Top panel shows the prediction AUCs obtained when baseline demographic and clinical data is used with only OCT images (blue), only VF MD values (orange), combined OCT and VF MD inputs (green), and OCT images combined with VF MD and longitudinal IOP values (red). Statistical annotations are as follows: **P value < 0.01, *P value < 0.05 and ns denotes “not statistically significant”. Confusion matrices shown in the bottom panel for three input combinations to the progression model suggest that the “OCT + VF + Baseline” input combination performs well for both Class-1 and Class-2 patients, correctly predicting 73% of the fast progressing cases (Class-2).

Figure 4

AUC for progression prediction by utilizing multimodal inputs comprising baseline patient inputs, OCT images and VF MD values at different time-points of patient visits from baseline (blue) until M3 (orange), M6 (green) and M9 (red). Statistical annotations are as follows: *P value < 0.05 and ns denotes “not statistically significant”.

Figure 5

Real and pix2pix GAN based synthesized OCT B-scans of two patients (rows) showing baseline (left), real M12 (center) and synthetic M12 (right) B-scans. The RNFL thinning in a slow progressing case (top row) and a fast progressing case (bottom row) is demarcated by orange and red coloured outlines respectively. The thinning of RNFL as shown from the baseline to M12 images is also captured well by the synthetic M12 images.

Figure 6

Probability density distribution for OCT image features (top panel) corresponding to baseline (blue), real and synthetic M6 images (green) and real and synthetic M12 images (red).
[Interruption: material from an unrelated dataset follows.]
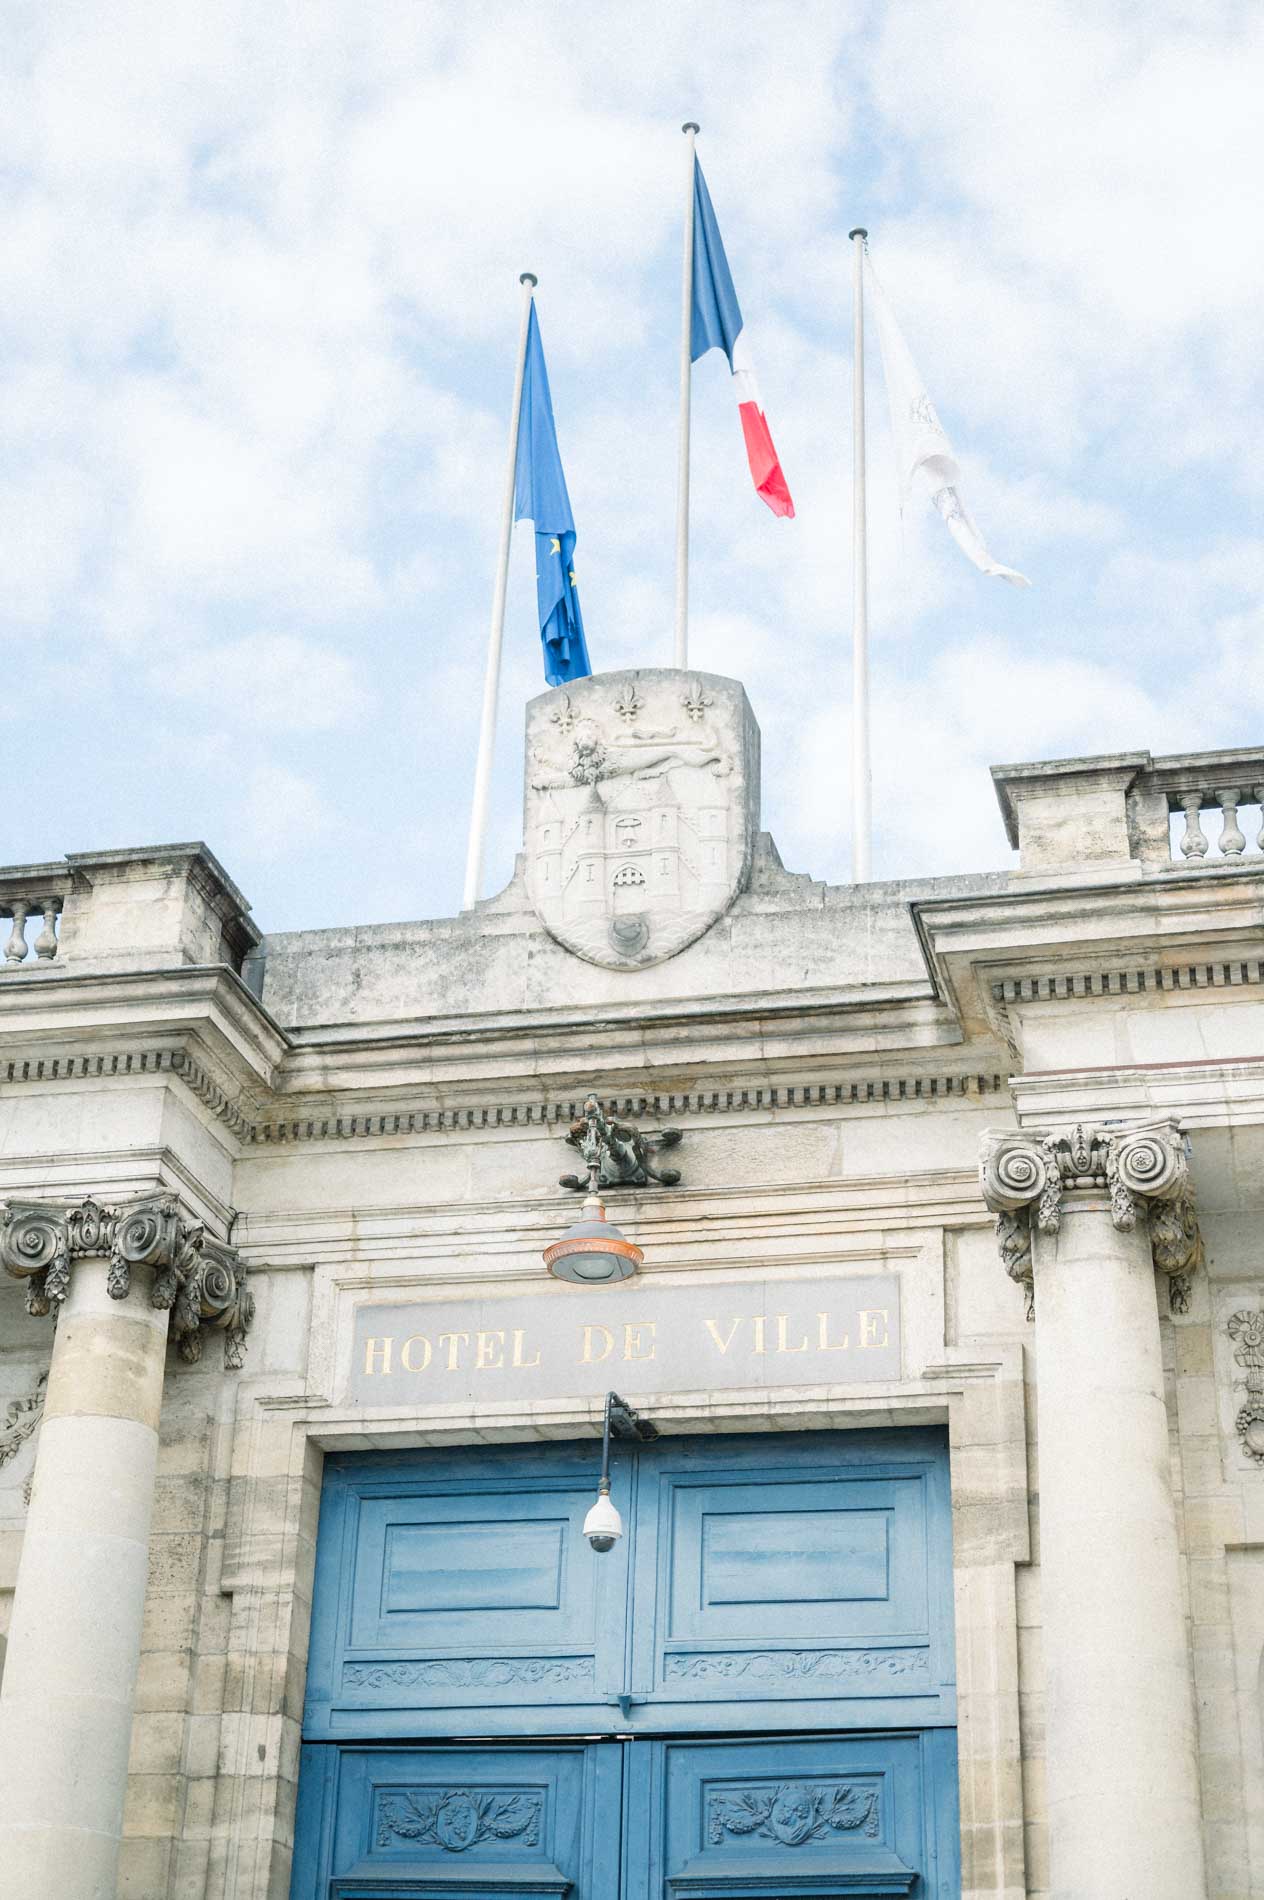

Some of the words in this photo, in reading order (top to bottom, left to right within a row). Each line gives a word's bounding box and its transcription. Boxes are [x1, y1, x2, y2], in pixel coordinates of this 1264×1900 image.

[363, 1329, 541, 1375] HOTEL
[576, 1321, 656, 1364] DE
[703, 1309, 888, 1355] VILLE
AUCs obtained without (blue bars) and with (orange bars) synthetic OCT images (bottom panel). * indicates P value < 0.05 and ns denotes “not statistically significant”.

Figure 7

Real and synthetic OCT image feature distributions (left) showing that M12 images synthesized using baseline images (dashed red) and M6 images (dotted red) have similar distributions, which are significantly different from baseline image distribution (blue). The AUCs obtained using synthetic images derived from baseline and M6 images are similar (right). ns denotes “not statistically significant”.